> _What to do_
An exact copy of every entry is needed here; the images stay out.

> _Records contained in a dataset_
────────────────

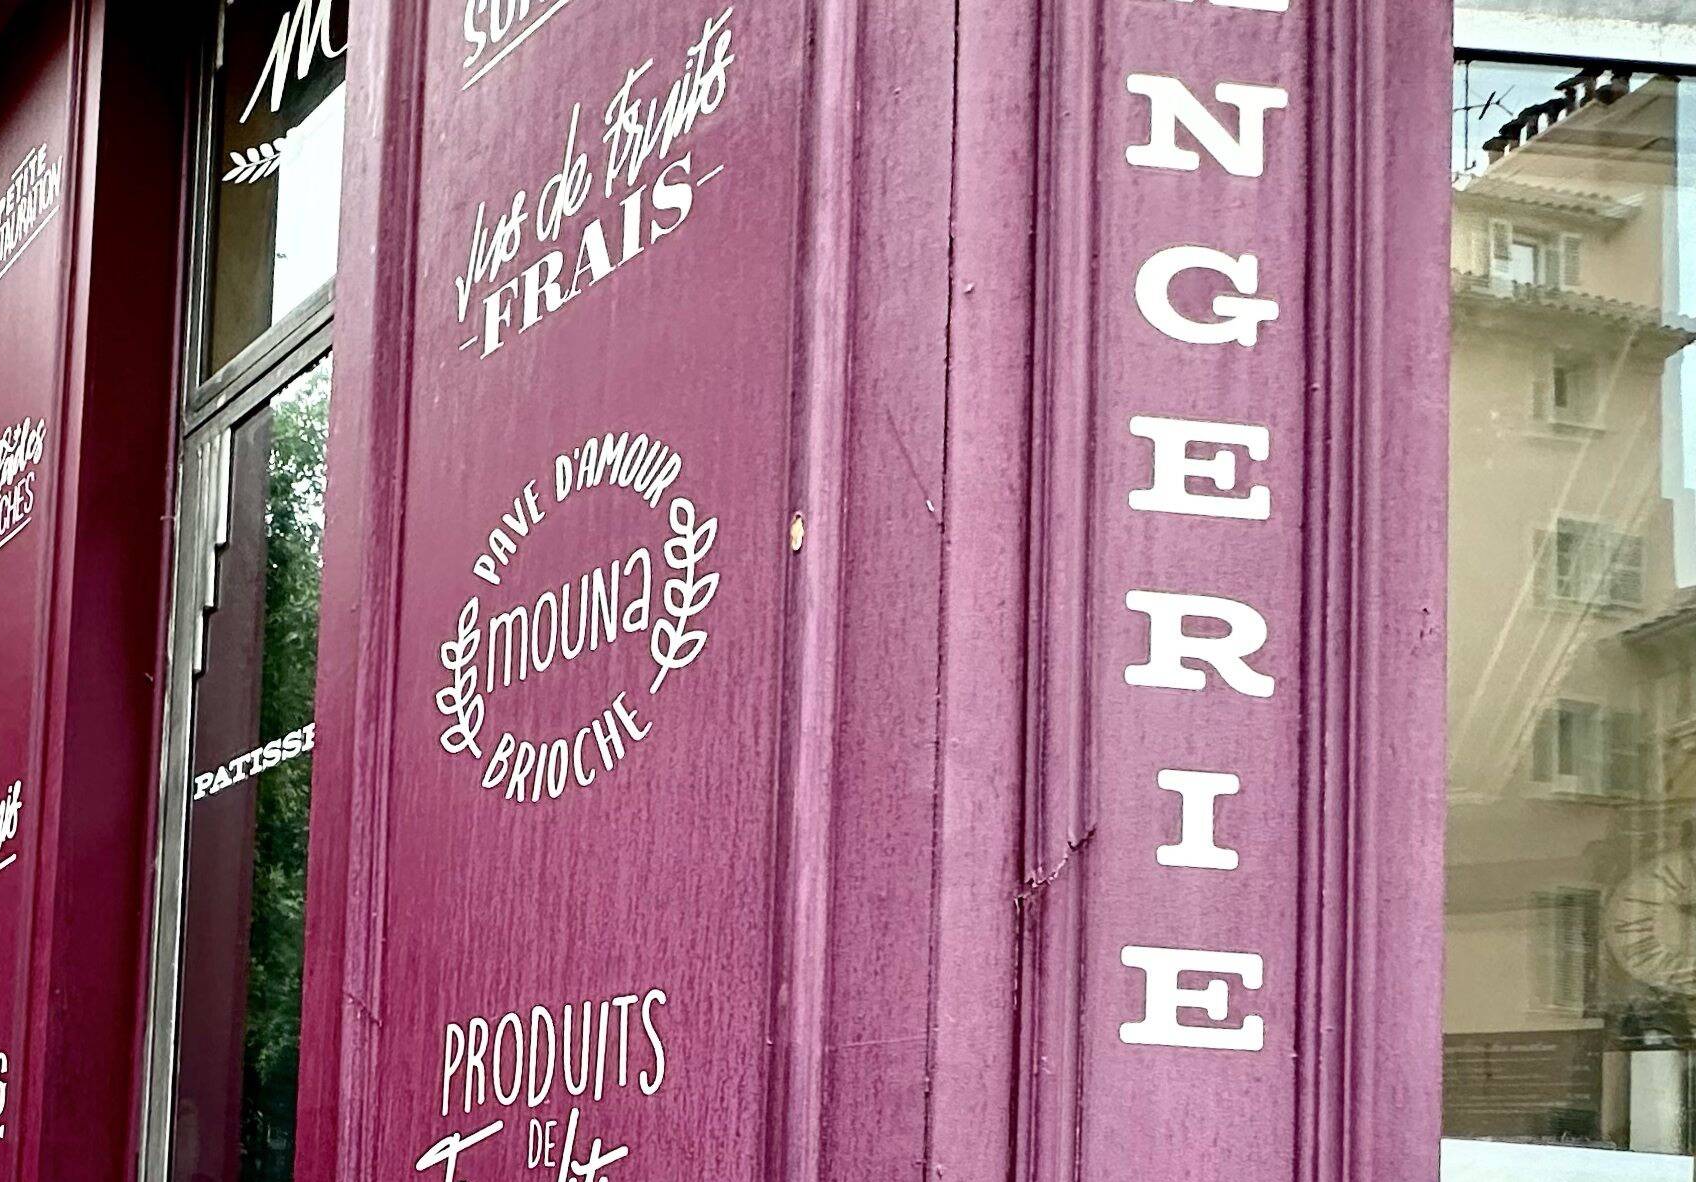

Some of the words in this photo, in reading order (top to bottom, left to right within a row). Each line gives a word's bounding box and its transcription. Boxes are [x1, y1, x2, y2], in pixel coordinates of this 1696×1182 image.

[455, 190, 528, 323] Jus
[536, 102, 592, 242] de
[603, 6, 735, 199] fruits
[554, 431, 683, 509] D'AMOUR
[1117, 0, 1289, 1053] NGERIE
[481, 690, 653, 802] BRIOCHE
[441, 988, 667, 1117] PRODUITS
[527, 1117, 557, 1169] DE
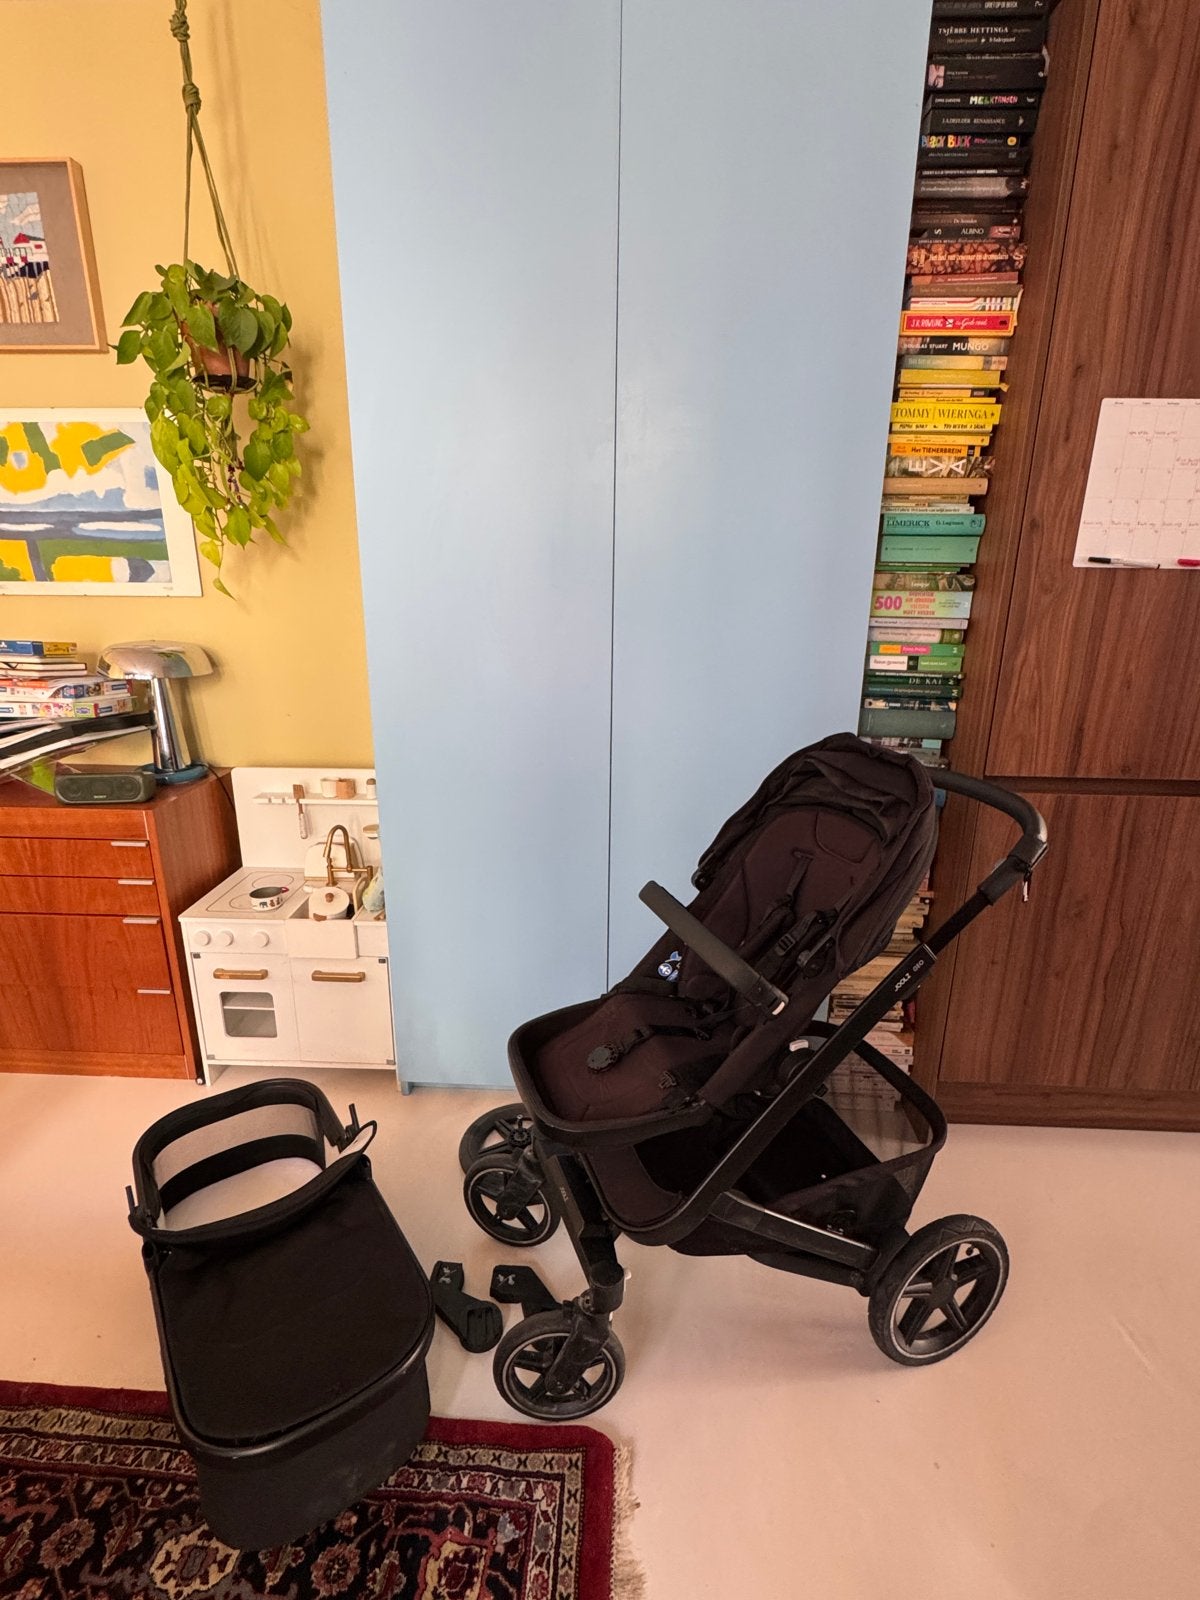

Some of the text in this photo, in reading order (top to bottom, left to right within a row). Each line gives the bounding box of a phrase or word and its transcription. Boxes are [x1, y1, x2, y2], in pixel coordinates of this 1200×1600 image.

[970, 26, 1009, 34] HETTINGA
[952, 342, 989, 351] MUNGO
[895, 407, 987, 419] TOMMY WIERINGA
[874, 595, 902, 611] 500

────────────────

> _Output_
Some of the words in this photo, in reading order (top to bottom, left to right within a row). Each line gives a word's bounding box and its transcription. Boxes are [x1, y1, x2, y2], in pixel coordinates of this 1696×1182 image.

[455, 190, 528, 323] Jus
[536, 102, 592, 242] de
[603, 6, 735, 199] fruits
[554, 431, 683, 509] D'AMOUR
[1117, 0, 1289, 1053] NGERIE
[481, 690, 653, 802] BRIOCHE
[441, 988, 667, 1117] PRODUITS
[527, 1117, 557, 1169] DE

Some of the text in this photo, in reading order (top to bottom, left to right within a row). Each line gives the bounding box of a phrase or word and its transcription. Boxes are [x1, y1, x2, y2], in pixel coordinates of this 1200×1600 image.

[970, 26, 1009, 34] HETTINGA
[952, 342, 989, 351] MUNGO
[895, 407, 987, 419] TOMMY WIERINGA
[874, 595, 902, 611] 500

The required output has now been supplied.